10.01.2008 0

Sooner Sense

  • On: 10/14/2008 16:04:05
  • In: Federalism

  • By Howie Rich

    While much of the U.S. Constitution invites legitimate debate as to the “Framer’s Intent,” the twenty-eight words which comprise the Tenth Amendment are as unambiguous as they are forgotten.

    “The powers not delegated to the United States by the Constitution, nor prohibited by it to the States, are reserved to the States respectively, or to the people.”

    One of the clearest and most compelling proofs that our Founding Fathers indeed envisaged a limited federal government, the Tenth Amendment is a vital safeguard against an overreaching central authority.

    Unfortunately, it is also one of the most routinely discarded pieces of our nation’s founding wisdom. In fact, judging by its scant enforcement, it’s almost as if this cornerstone of the old adage “the government closest to the people governs best” was written in invisible ink.

    Indeed, the Tenth Amendment has become the redheaded stepchild of the Bill of Rights, viewed by generations of politicians as an historical nuance to be cast aside when it impedes our federal government’s insatiable appetite for new revenue streams and new sources of power.
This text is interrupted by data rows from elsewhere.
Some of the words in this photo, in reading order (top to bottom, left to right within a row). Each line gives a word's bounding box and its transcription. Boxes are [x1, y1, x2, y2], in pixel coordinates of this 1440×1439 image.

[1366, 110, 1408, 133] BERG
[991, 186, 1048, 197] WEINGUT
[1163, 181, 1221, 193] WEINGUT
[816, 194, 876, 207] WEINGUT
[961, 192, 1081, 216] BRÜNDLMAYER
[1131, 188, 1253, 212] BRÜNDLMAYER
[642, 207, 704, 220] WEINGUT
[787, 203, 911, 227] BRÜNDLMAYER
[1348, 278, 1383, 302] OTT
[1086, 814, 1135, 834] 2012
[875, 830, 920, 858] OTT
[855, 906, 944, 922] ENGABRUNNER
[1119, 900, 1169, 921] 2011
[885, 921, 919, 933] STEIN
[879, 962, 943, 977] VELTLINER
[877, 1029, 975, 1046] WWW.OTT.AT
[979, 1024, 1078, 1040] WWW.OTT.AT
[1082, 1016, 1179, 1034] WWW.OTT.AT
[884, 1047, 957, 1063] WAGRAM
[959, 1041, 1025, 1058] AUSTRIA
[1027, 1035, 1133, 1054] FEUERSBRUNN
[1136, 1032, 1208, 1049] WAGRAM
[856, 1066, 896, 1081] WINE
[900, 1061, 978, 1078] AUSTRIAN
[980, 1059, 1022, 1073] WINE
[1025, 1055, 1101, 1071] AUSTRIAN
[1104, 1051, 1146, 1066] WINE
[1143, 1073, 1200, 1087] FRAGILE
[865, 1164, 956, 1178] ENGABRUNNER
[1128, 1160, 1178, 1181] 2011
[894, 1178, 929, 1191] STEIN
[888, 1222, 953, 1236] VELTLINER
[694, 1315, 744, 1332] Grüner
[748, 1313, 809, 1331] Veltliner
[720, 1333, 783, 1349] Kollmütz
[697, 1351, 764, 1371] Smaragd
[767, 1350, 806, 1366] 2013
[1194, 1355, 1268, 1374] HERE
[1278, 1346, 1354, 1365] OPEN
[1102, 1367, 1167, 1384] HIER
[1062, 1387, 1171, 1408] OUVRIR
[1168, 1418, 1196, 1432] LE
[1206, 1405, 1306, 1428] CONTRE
    Certainly some expansions of federal power—such as the Fourteenth and Nineteenth Amendments—were warranted due to changing social conditions and the need to protect individual liberties. But more often than not, these expansions sought to expand the size and scope of the federal government at the expense of our personal freedoms, and to strip state and municipal governments of their right to enact laws which are in the best interests of their people—while seizing more of the people’s revenue in the process.

    Consider this—only twice has our modern U.S. Supreme Court struck down a law because it was found to be in violation of the Tenth Amendment.

    Is this because such violations weren’t occurring? Of course not—generations of activist judges have simply chosen to look the other way.

    Using an increasingly thin stretching of the “Elastic Clause” (also known as the Commerce Clause), the federal government over the past seventy years has gone about regulating one industry after the next and blackmailing states into adopting new laws by threatening to cut them out of annual appropriations bills.

    Because the Tenth Amendment has been ignored, some of the basic freedoms guaranteed to by the rest of the Bill of Rights have been trampled upon—with states left powerless to protect us.

    Fortunately, leaders in one state have finally stood up and said “enough is enough.”

    By an overwhelming bipartisan vote of 92-3, the Oklahoma House of Representatives recently passed a resolution that reaffirmed that state’s sovereignty under the 10th Amendment.

    Specifically, the resolution tells the feds to “cease and desist, effective immediately, mandates that are beyond the scope of these constitutionally delegated powers.”

    In other words, the Oklahoma House is telling the federal government to back off—and using America’s founding blueprint as its justification for doing so.

    Not surprisingly, Washington D.C.’s officialdom remains utterly tone-deaf to this sorely-needed expression of state sovereignty.

    In fact, when asked to comment on the resolution last week, President Bush’s spokesman had never heard of it, and could only say “maybe, maybe I will” when asked whether he would look into the matter for the purpose of providing the administration’s official response.

    By contrast, the resolution’s lead sponsor—State Rep. Charles Key—was nearly as unambiguous as the language of the Tenth Amendment in explaining his desire to protect America’s “forgotten” right.

    “The more we stand by and watch the federal government get involved in areas where it has no legal authority, we kill the Constitution a little at a time,” he said. “The last few decades, the Constitution has been hanging by a thread.”

    And so have our liberties.

    Here’s hoping that leaders in other states will join the Oklahoma House in standing up to protect both.

    The author is Chairman of Americans for Limited Government.